Problem to solve: A faithful copy without images is required: write out all the records exactly.

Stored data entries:

----

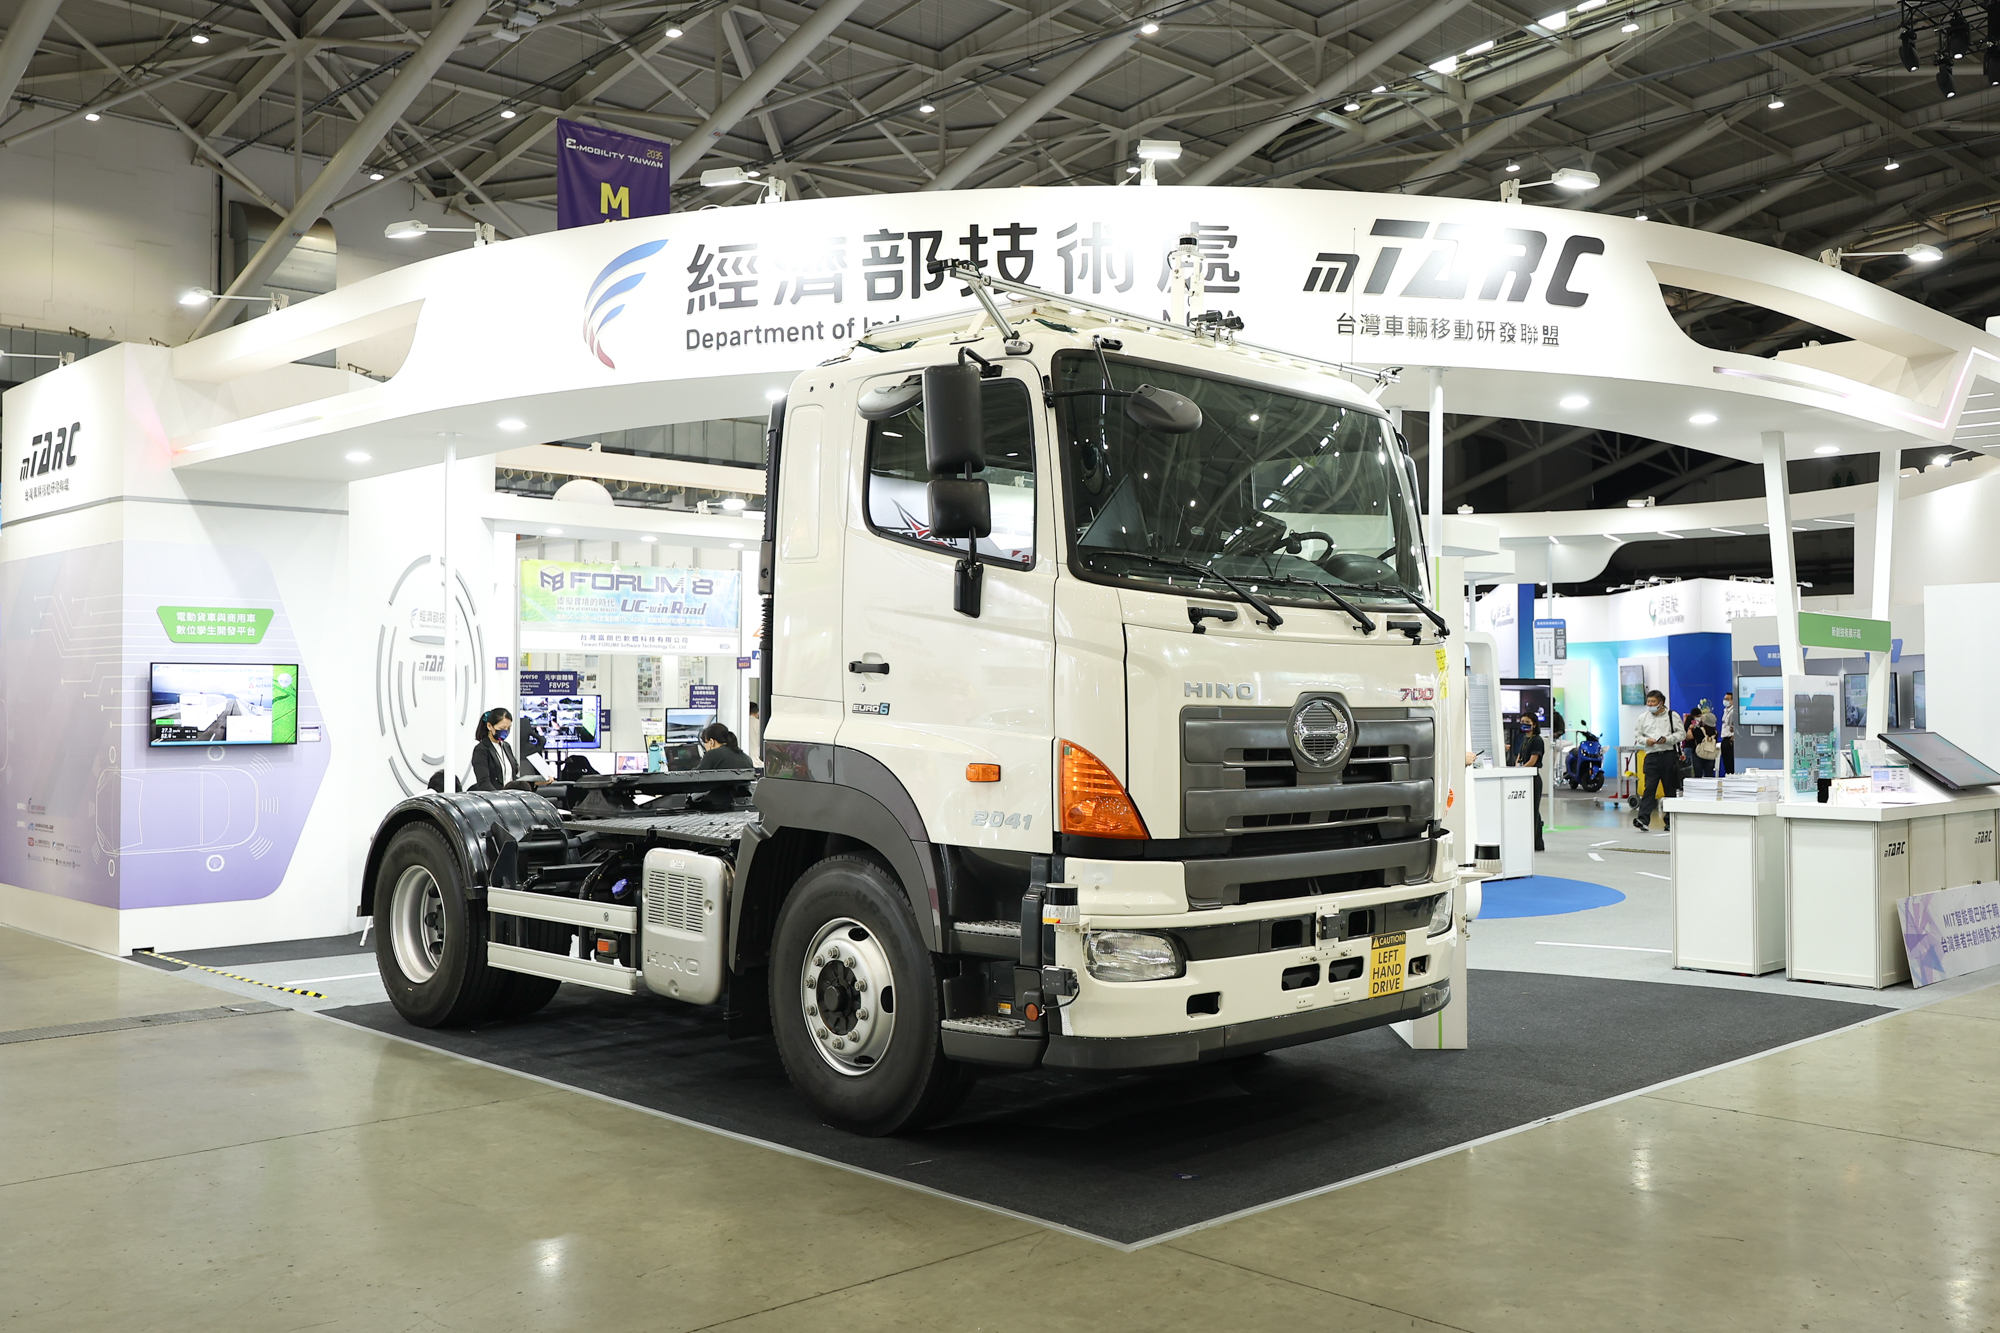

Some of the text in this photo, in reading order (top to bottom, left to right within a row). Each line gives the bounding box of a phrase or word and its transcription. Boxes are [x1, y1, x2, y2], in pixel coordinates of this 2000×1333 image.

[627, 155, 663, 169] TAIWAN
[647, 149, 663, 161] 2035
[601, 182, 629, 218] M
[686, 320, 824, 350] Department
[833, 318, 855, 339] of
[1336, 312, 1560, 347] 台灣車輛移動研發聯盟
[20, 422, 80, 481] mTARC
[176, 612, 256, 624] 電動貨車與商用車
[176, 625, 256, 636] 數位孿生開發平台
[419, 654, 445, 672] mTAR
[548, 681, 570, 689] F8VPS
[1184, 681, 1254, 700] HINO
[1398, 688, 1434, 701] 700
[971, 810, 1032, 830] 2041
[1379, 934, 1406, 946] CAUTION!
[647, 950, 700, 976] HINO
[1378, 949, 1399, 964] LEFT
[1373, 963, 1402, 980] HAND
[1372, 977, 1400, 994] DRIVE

----

Task answer:
Some of the text in this photo, in reading order (top to bottom, left to right within a row). Each line gives the bounding box of a phrase or word and its transcription. Boxes are [x1, y1, x2, y2], in pixel coordinates of this 2000×1333 image.

[627, 155, 663, 169] TAIWAN
[647, 149, 663, 161] 2035
[601, 182, 629, 218] M
[686, 320, 824, 350] Department
[833, 318, 855, 339] of
[1336, 312, 1560, 347] 台灣車輛移動研發聯盟
[20, 422, 80, 481] mTARC
[176, 612, 256, 624] 電動貨車與商用車
[176, 625, 256, 636] 數位孿生開發平台
[419, 654, 445, 672] mTAR
[548, 681, 570, 689] F8VPS
[1184, 681, 1254, 700] HINO
[1398, 688, 1434, 701] 700
[971, 810, 1032, 830] 2041
[1379, 934, 1406, 946] CAUTION!
[647, 950, 700, 976] HINO
[1378, 949, 1399, 964] LEFT
[1373, 963, 1402, 980] HAND
[1372, 977, 1400, 994] DRIVE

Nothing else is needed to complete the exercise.